+++ Data shown

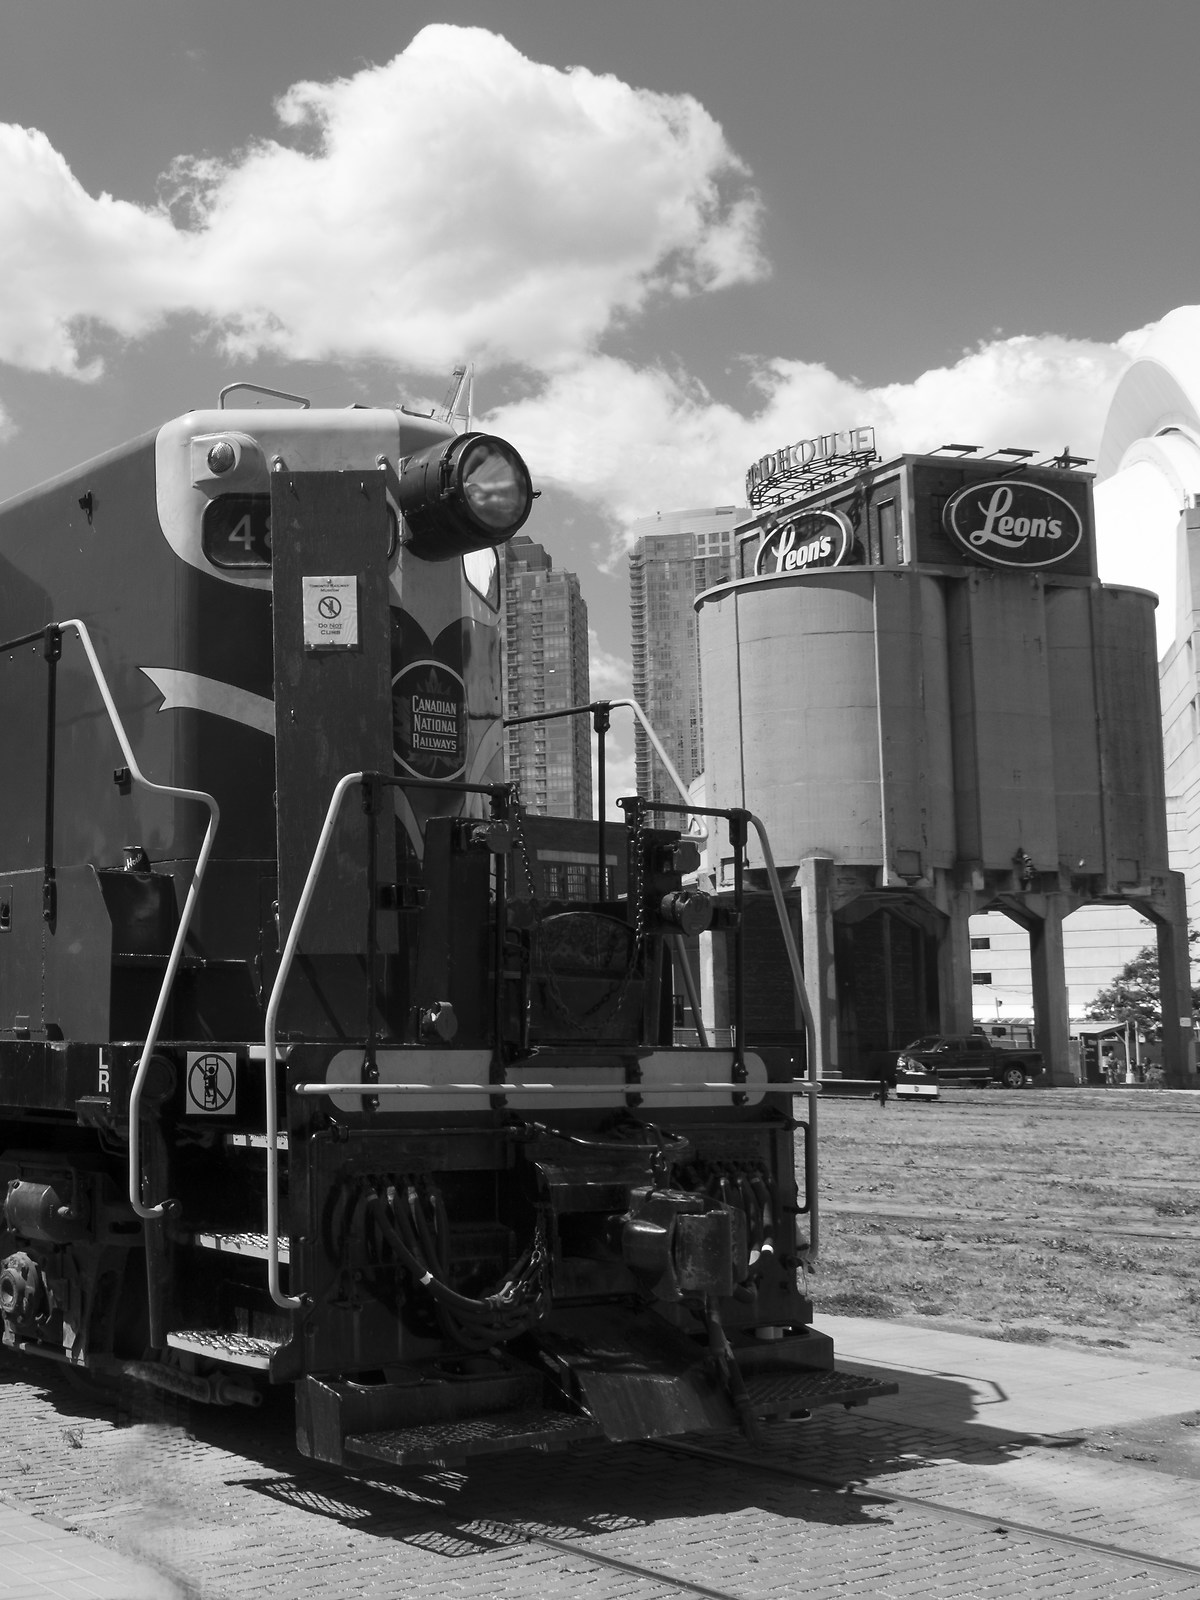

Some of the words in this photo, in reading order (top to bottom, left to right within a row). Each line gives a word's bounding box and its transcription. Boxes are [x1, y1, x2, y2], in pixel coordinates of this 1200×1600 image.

[228, 513, 271, 551] 4
[969, 487, 1062, 548] Leon's
[771, 523, 832, 573] Leon's
[412, 695, 457, 715] CANADIAN
[414, 714, 457, 734] NATIONAL
[412, 733, 457, 750] RAILWAYS
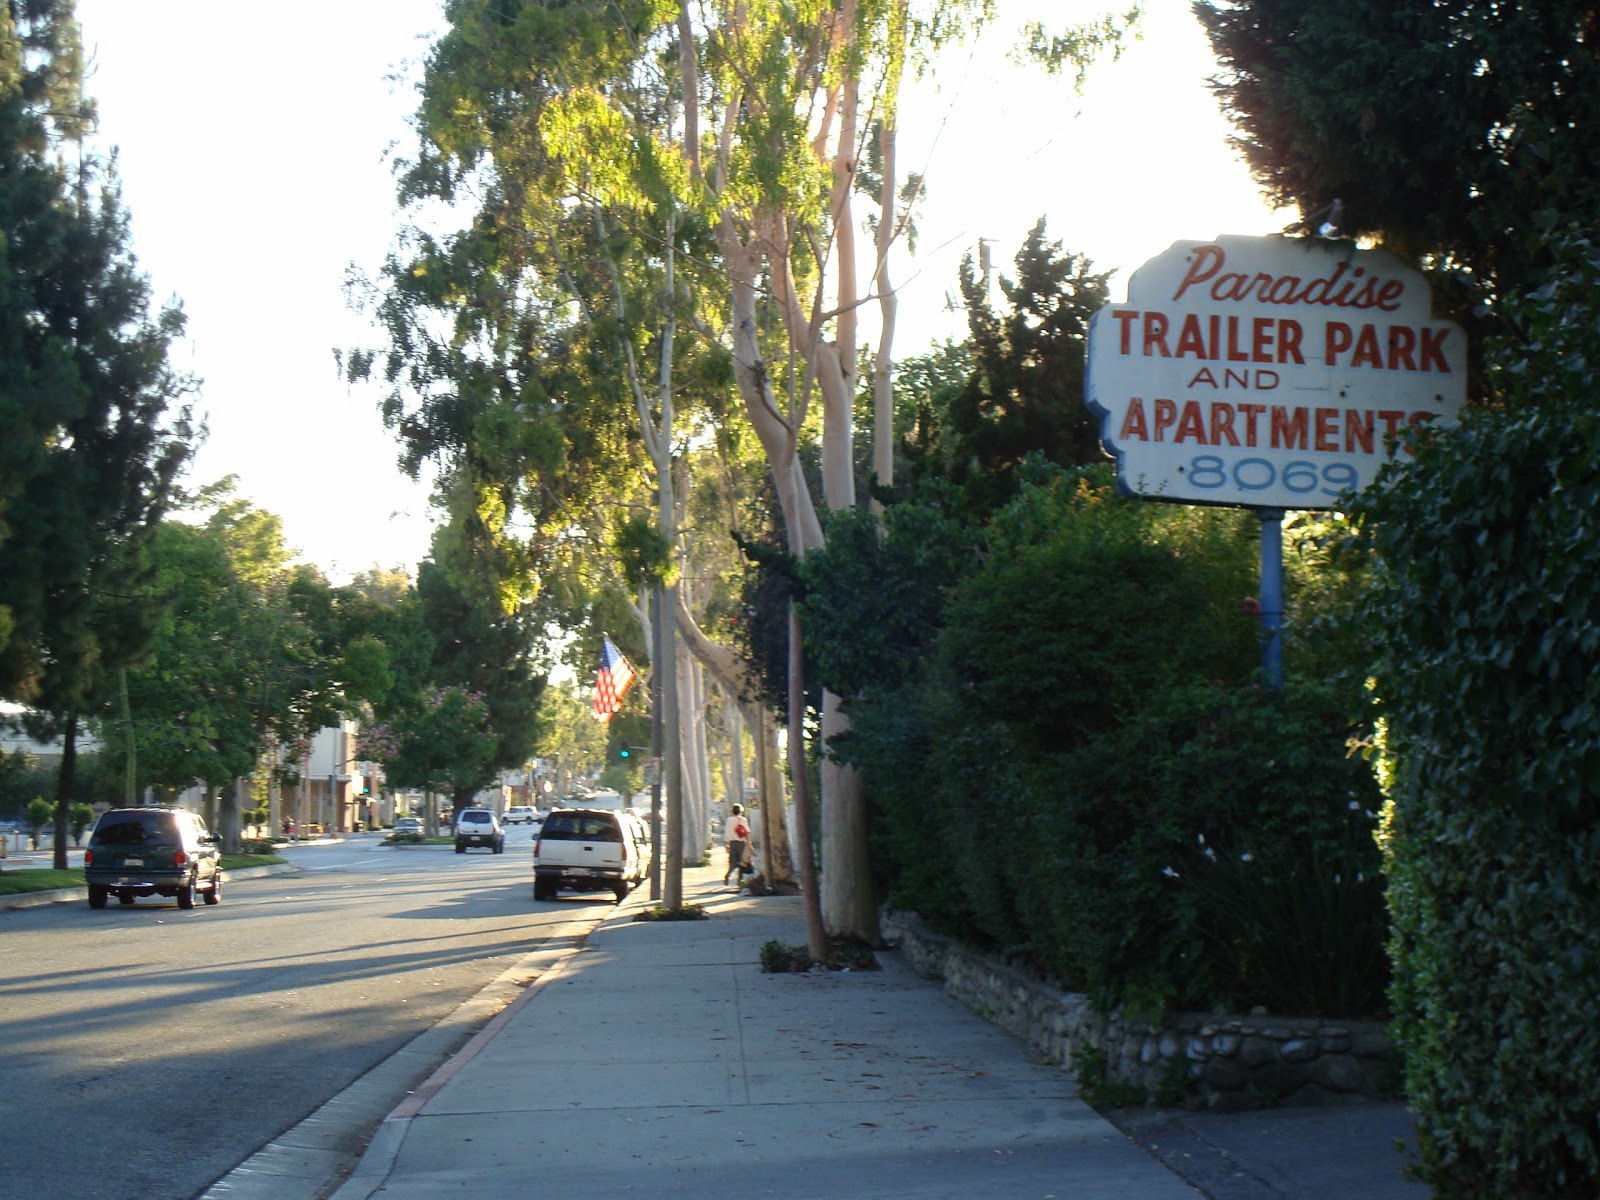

++++++

§ Work order
Write the records out again verbatim and omit the pictures they contain.

§ Your solution
Some of the words in this photo, in reading order (top to bottom, left to right within a row). Each line gives a word's bounding box and its transcription. Boxes are [x1, y1, x2, y2], in pixel coordinates of this 1200×1600 image.

[228, 513, 271, 551] 4
[969, 487, 1062, 548] Leon's
[771, 523, 832, 573] Leon's
[412, 695, 457, 715] CANADIAN
[414, 714, 457, 734] NATIONAL
[412, 733, 457, 750] RAILWAYS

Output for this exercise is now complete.